====== Available data ======

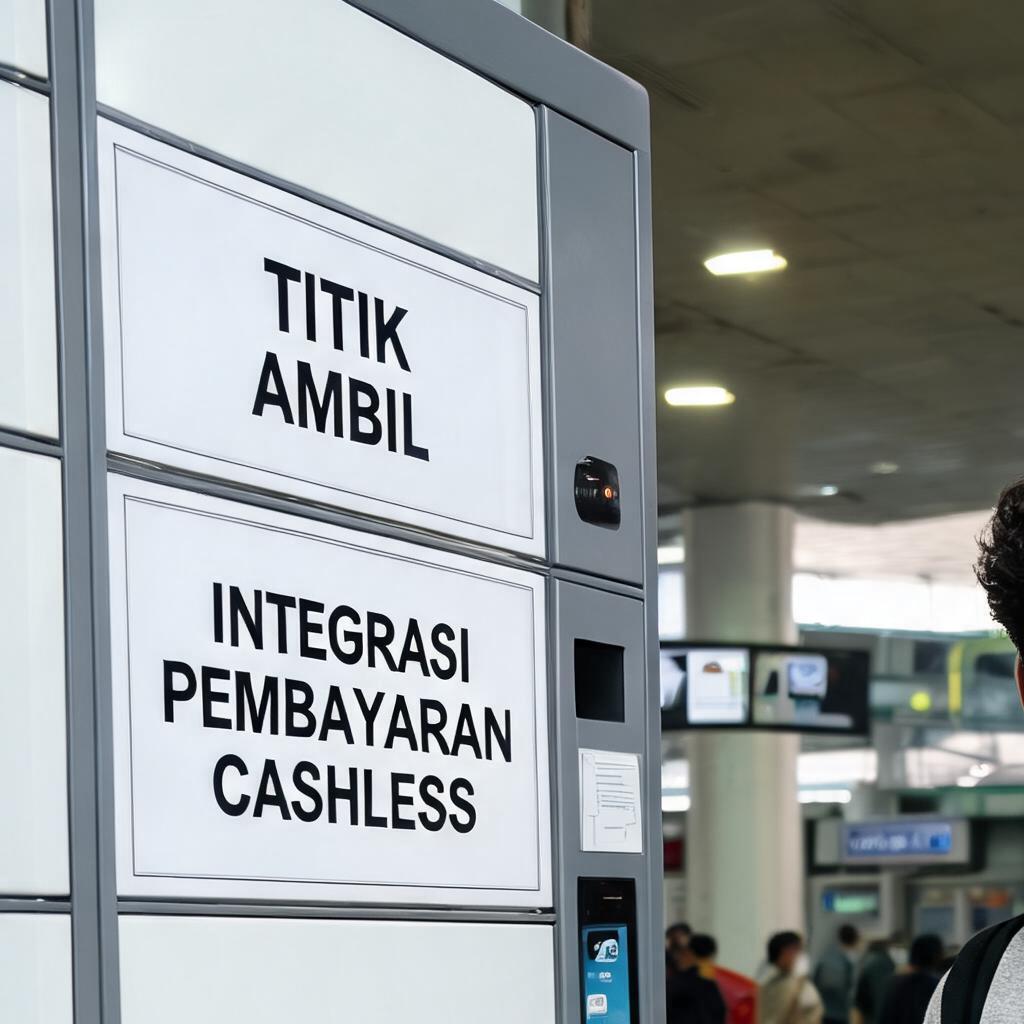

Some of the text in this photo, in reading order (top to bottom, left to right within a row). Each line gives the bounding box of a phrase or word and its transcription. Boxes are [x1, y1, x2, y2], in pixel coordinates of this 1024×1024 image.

[263, 257, 411, 373] TITIK
[251, 351, 430, 462] AMBIL
[213, 582, 469, 683] INTEGRASI
[162, 659, 512, 763] PEMBAYARAN
[212, 753, 477, 834] CASHLESS
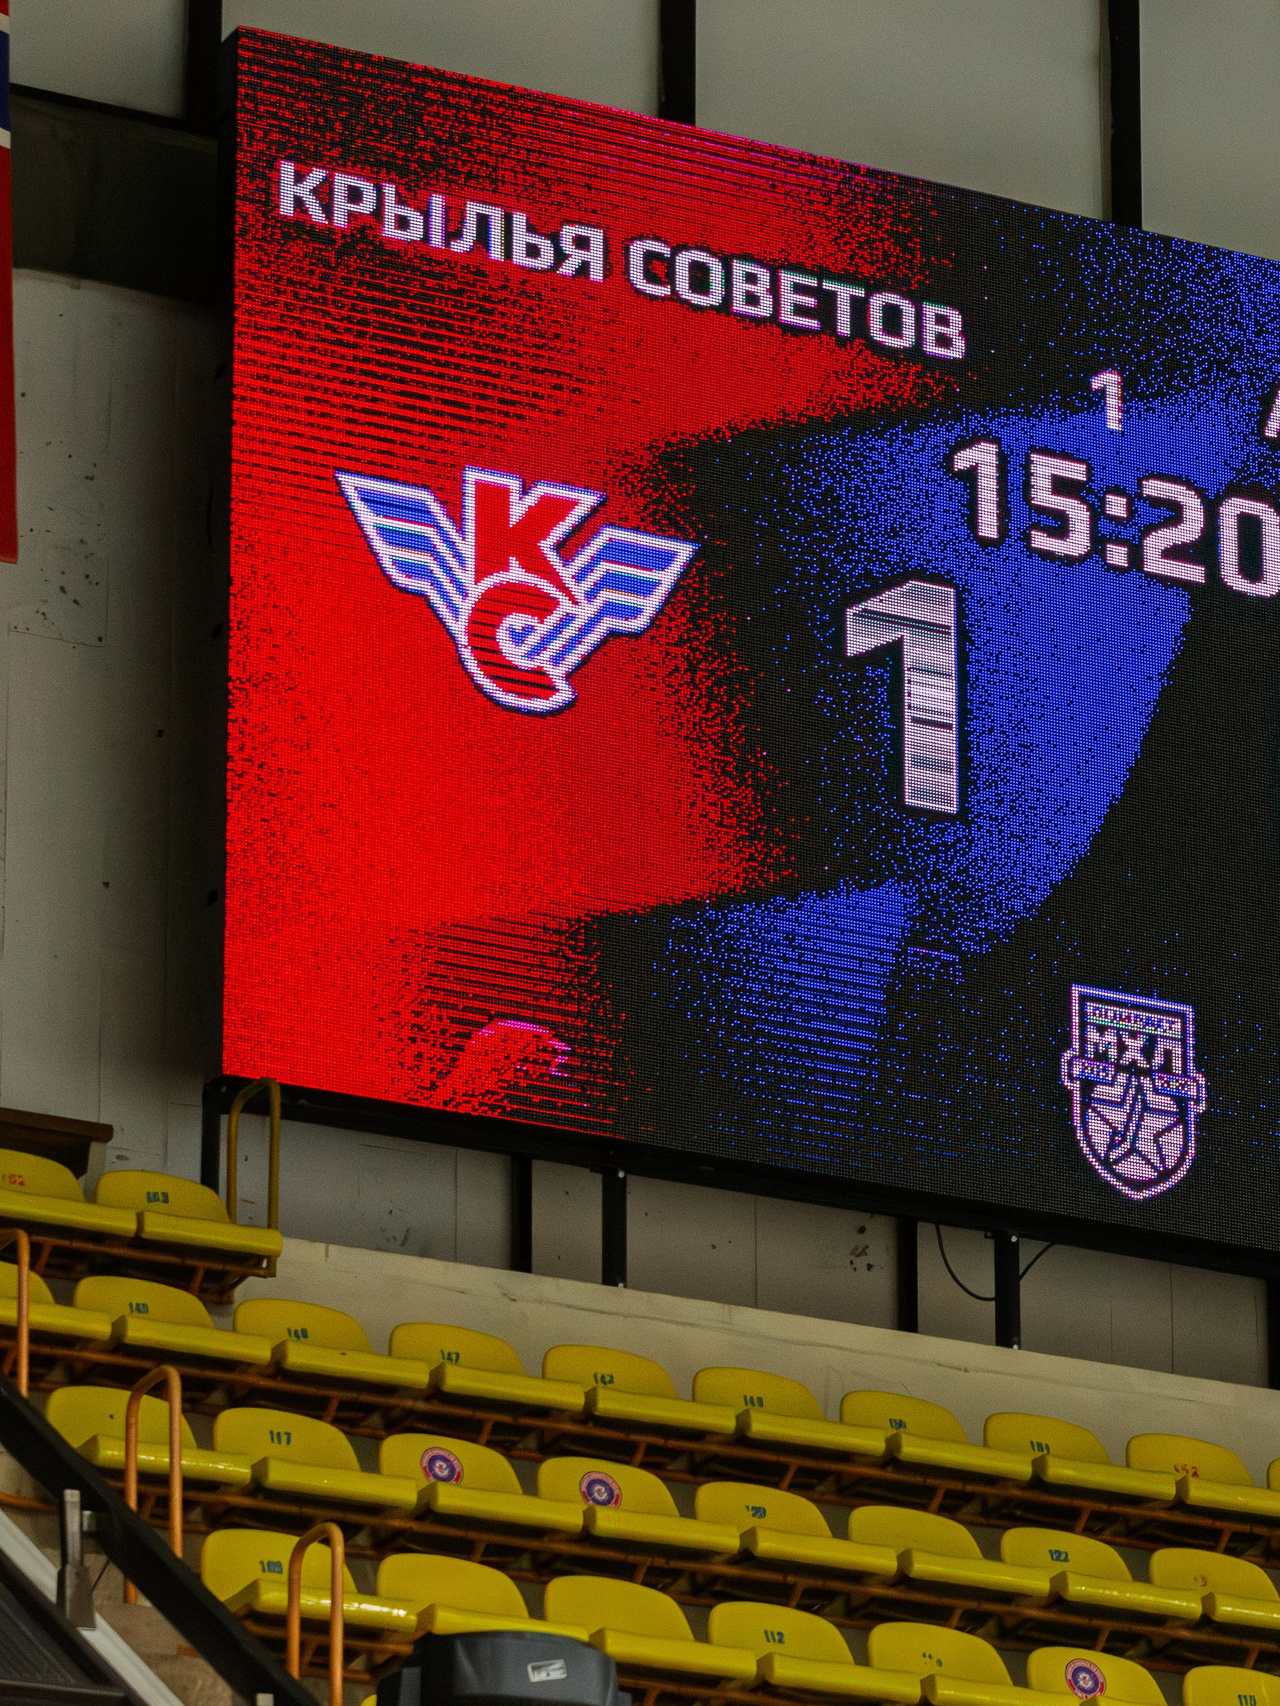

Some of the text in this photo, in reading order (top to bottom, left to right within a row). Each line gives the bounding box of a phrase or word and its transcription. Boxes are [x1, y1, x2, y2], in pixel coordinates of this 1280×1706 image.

[278, 159, 966, 361] КРЫЛЬЯ СОВЕТОВ
[1090, 369, 1124, 432] 1
[845, 579, 959, 816] 1
[1084, 1024, 1183, 1075] МХЛ
[763, 1629, 786, 1645] 112

======

| What needs to be done |
Leaving pictures aside, write out each record above exactly as given.

| Solution below |
Some of the text in this photo, in reading order (top to bottom, left to right within a row). Each line gives the bounding box of a phrase or word and its transcription. Boxes are [x1, y1, x2, y2], in pixel coordinates of this 1024×1024 image.

[263, 257, 411, 373] TITIK
[251, 351, 430, 462] AMBIL
[213, 582, 469, 683] INTEGRASI
[162, 659, 512, 763] PEMBAYARAN
[212, 753, 477, 834] CASHLESS

Some of the text in this photo, in reading order (top to bottom, left to right within a row). Each line gives the bounding box of a phrase or word and its transcription. Boxes are [x1, y1, x2, y2], in pixel coordinates of this 1280×1706 image.

[278, 159, 966, 361] КРЫЛЬЯ СОВЕТОВ
[1090, 369, 1124, 432] 1
[845, 579, 959, 816] 1
[1084, 1024, 1183, 1075] МХЛ
[763, 1629, 786, 1645] 112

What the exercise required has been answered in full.